Ter zitting van de beroepscommissie van 15 maart 2013, gehouden in de locatie Roermond, is klager gehoord.
De tandarts verbonden aan de locatie Roermond heeft schriftelijk laten weten niet ter zitting te zullen verschijnen.

Op grond van haar onderzoek overweegt en beslist de beroepscommissie als volgt:

1. De inhoud van het beroep
De klacht, zoals neergelegd in het verzoek om bemiddeling aan de tandheelkundig adviseur van 16 oktober 2012, betreft het niet goed motiveren van een aanvraag van een machtiging voor tandheelkundige verrichtingen, waardoor deze aanvraag werd
afgewezen.

2. De standpunten van klager en de tandarts
Klager heeft zijn klacht als volgt toegelicht.
De tandarts wilde twee tanden trekken en vervolgens een gebitsvoorziening plaatsen.

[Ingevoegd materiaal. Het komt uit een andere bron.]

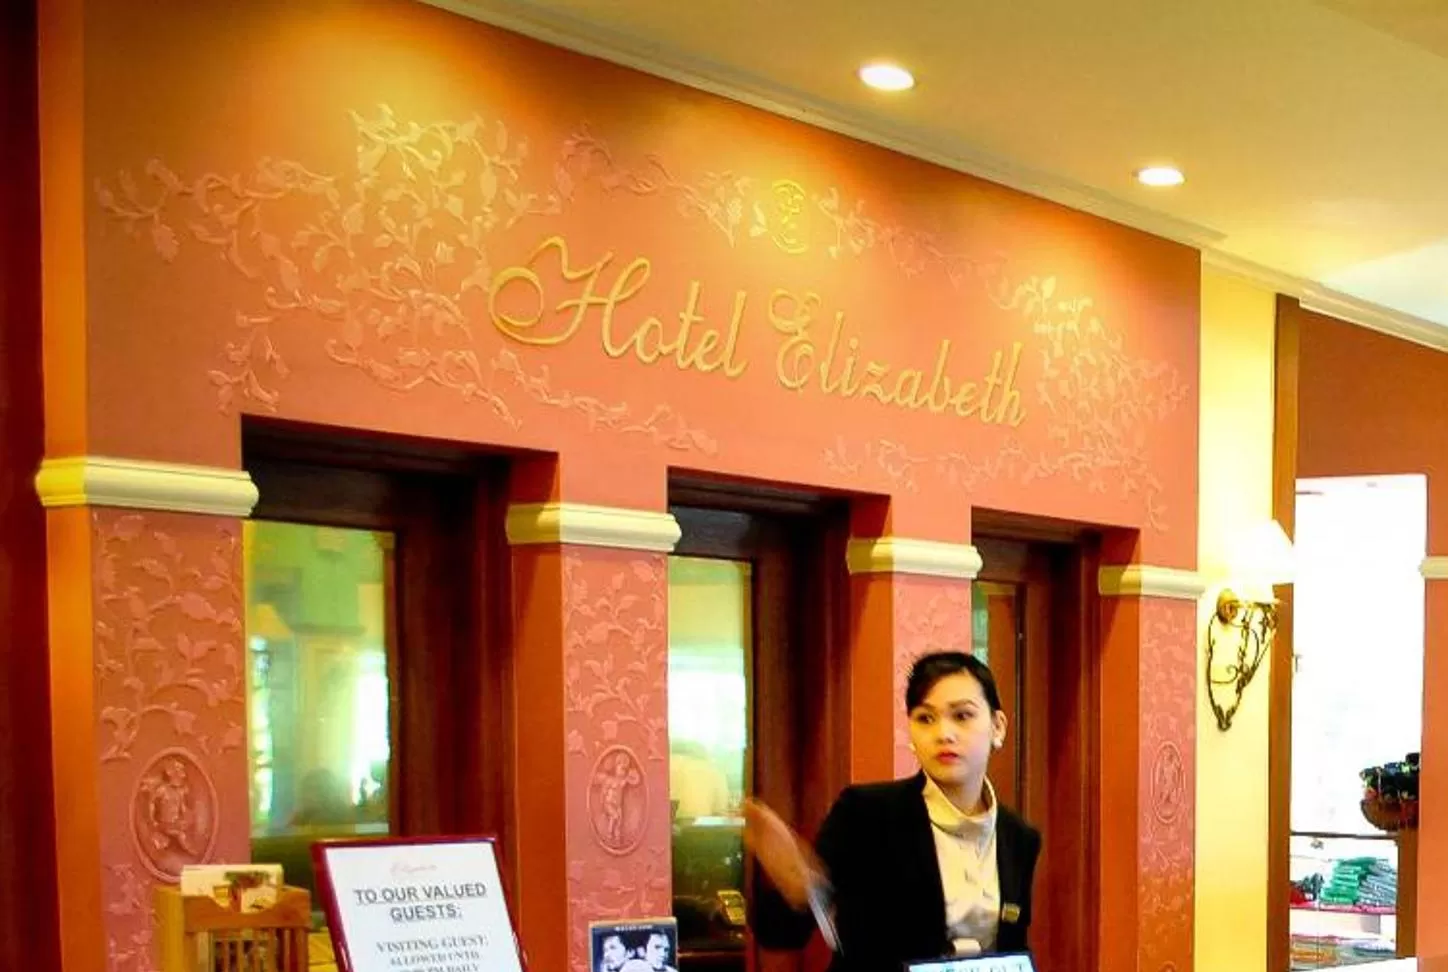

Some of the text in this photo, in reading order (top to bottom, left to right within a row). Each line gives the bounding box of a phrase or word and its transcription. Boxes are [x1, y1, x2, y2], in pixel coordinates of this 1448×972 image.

[487, 236, 1027, 428] Hotel Elizabeth
[354, 882, 486, 903] TO OUR VALUED
[376, 938, 439, 952] VISITING
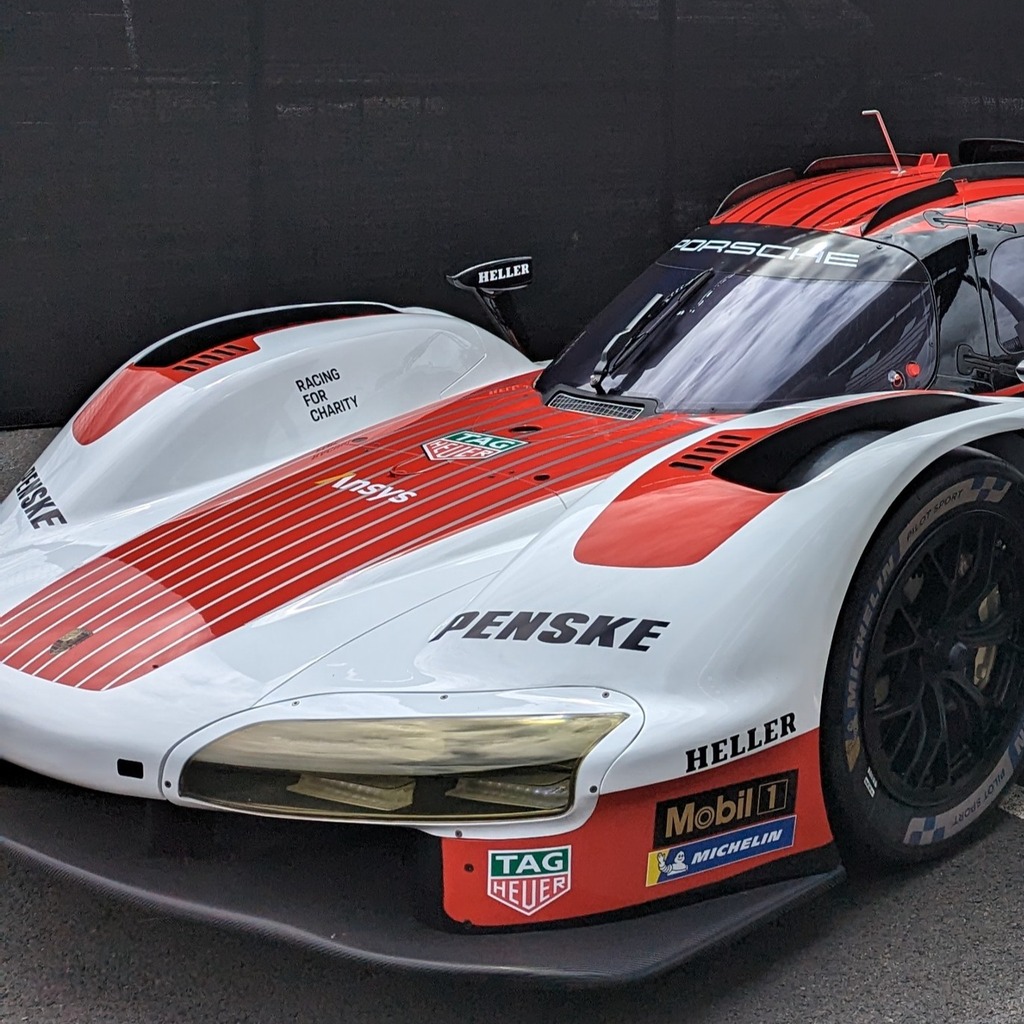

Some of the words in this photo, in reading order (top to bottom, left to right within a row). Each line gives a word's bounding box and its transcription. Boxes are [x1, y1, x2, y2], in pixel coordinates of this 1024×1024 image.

[670, 238, 860, 268] PORSCHE
[478, 263, 530, 284] HELLER
[295, 368, 341, 392] RACING
[302, 389, 329, 407] FOR
[310, 395, 358, 422] CHARITY
[430, 440, 495, 458] HEUER
[457, 433, 515, 450] TAG
[314, 470, 418, 504] Ansys
[905, 508, 932, 542] PILOT
[933, 488, 964, 513] SPORT
[427, 611, 671, 652] PENSKE
[846, 554, 895, 709] MICHELIN
[686, 712, 797, 773] HELLER
[983, 768, 1006, 802] PILOT
[665, 786, 753, 839] Mobil
[952, 797, 983, 825] SPORT
[691, 829, 783, 865] MICHELIN
[495, 852, 564, 875] TAG
[493, 876, 566, 910] HEUER
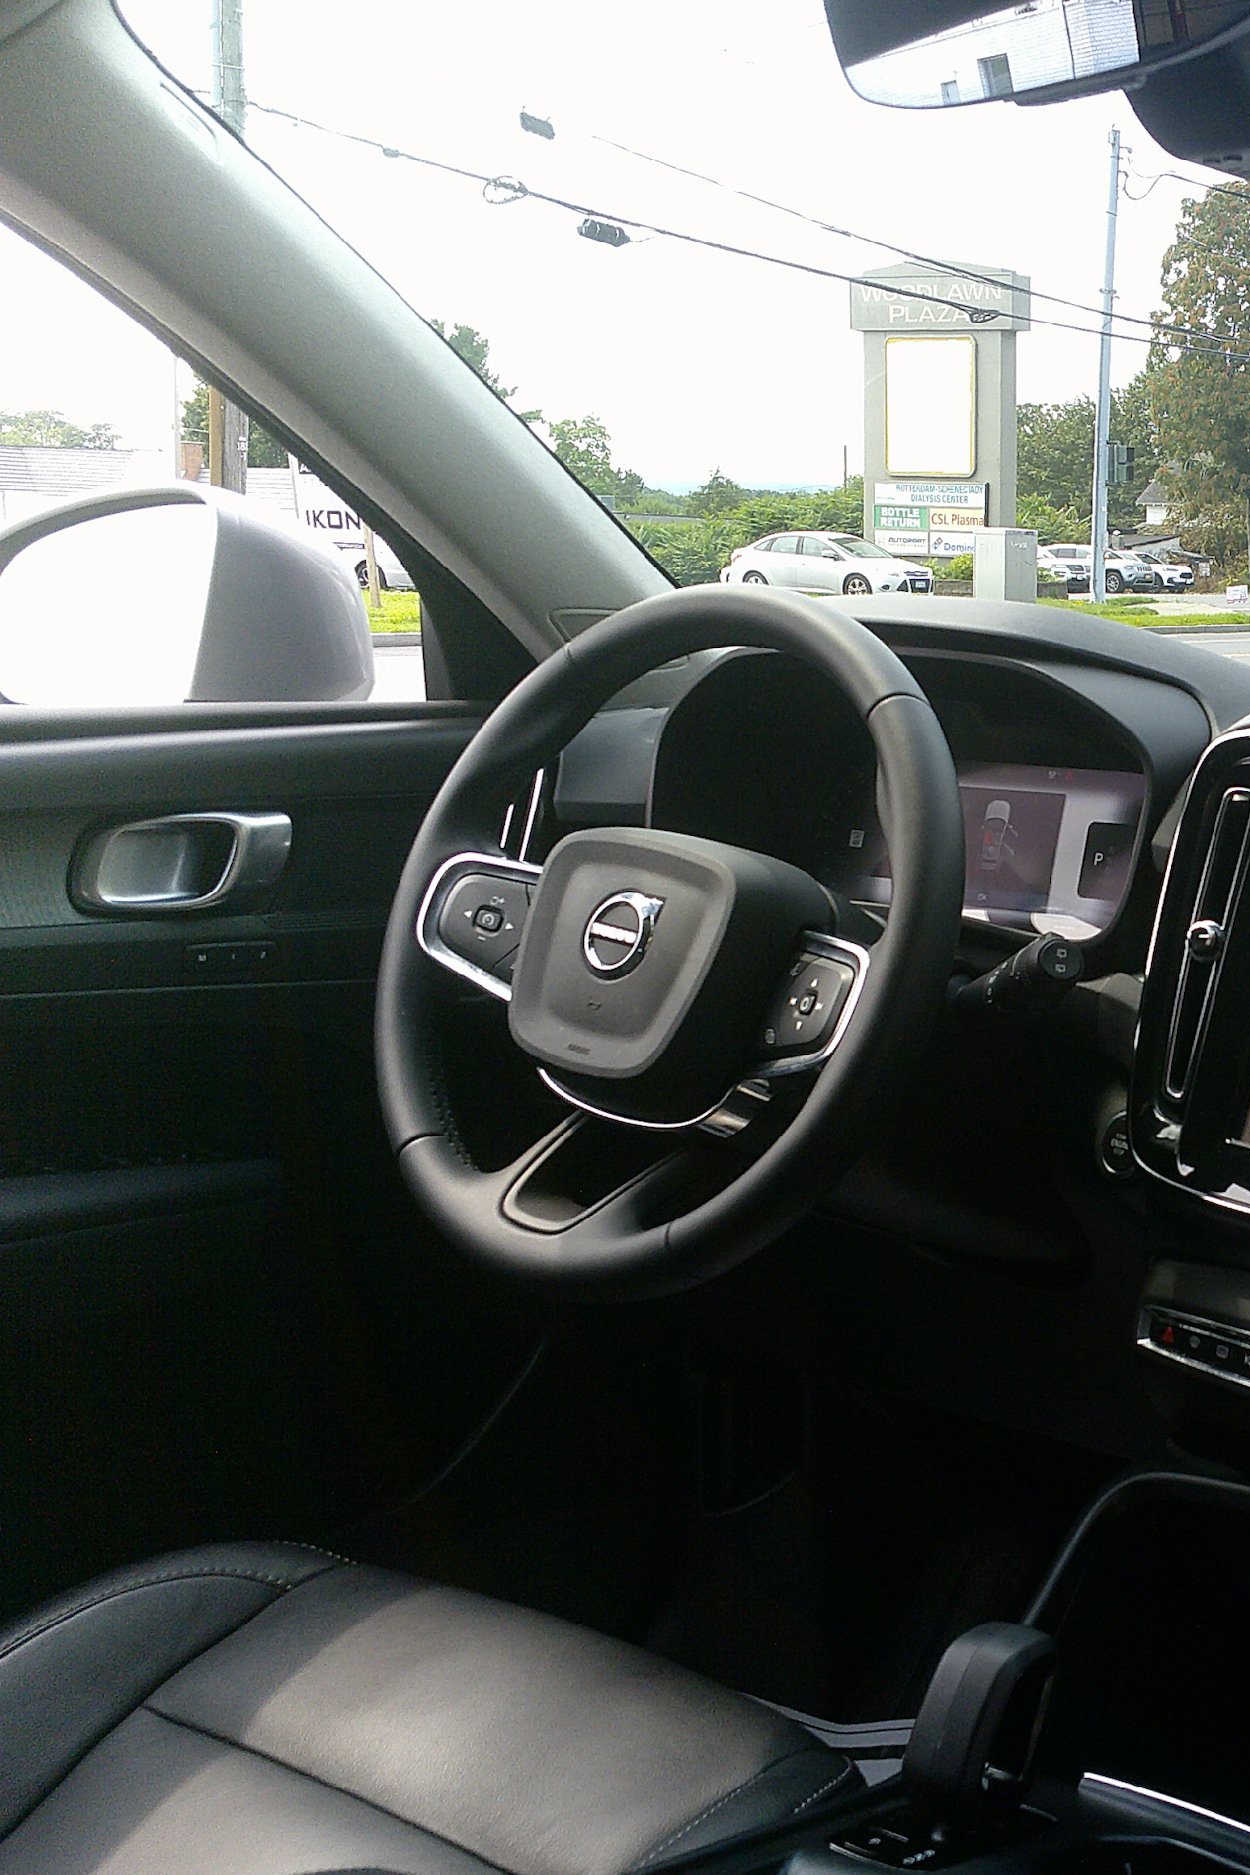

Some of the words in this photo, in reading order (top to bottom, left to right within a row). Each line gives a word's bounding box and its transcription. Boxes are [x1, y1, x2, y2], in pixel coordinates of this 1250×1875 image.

Hij heeft aan de tandheelkundig adviseur om een machtiging gevraagd maar daarbij heeft hij dat verzoek niet onderbouwd. Klager vindt dat hij indertijd niet goed is
behandeld door de tandarts. Klager heeft overigens tegen die tandarts ook een tuchtzaak bij het regionaal tuchtcollege aangespannen. Klager had toen hij in detentie kwam een normaal gebit. Zijn gebitsproblemen zijn in detentie ontstaan. Toen klager
(via
de WOTS) naar Nederland kwam, heeft hij in Roermond gevraagd om een behandeling van zijn gebitsproblemen. Inmiddels heeft de nieuwe inrichtingstandarts opnieuw een machtiging aangevraagd en deze is ook verstrekt.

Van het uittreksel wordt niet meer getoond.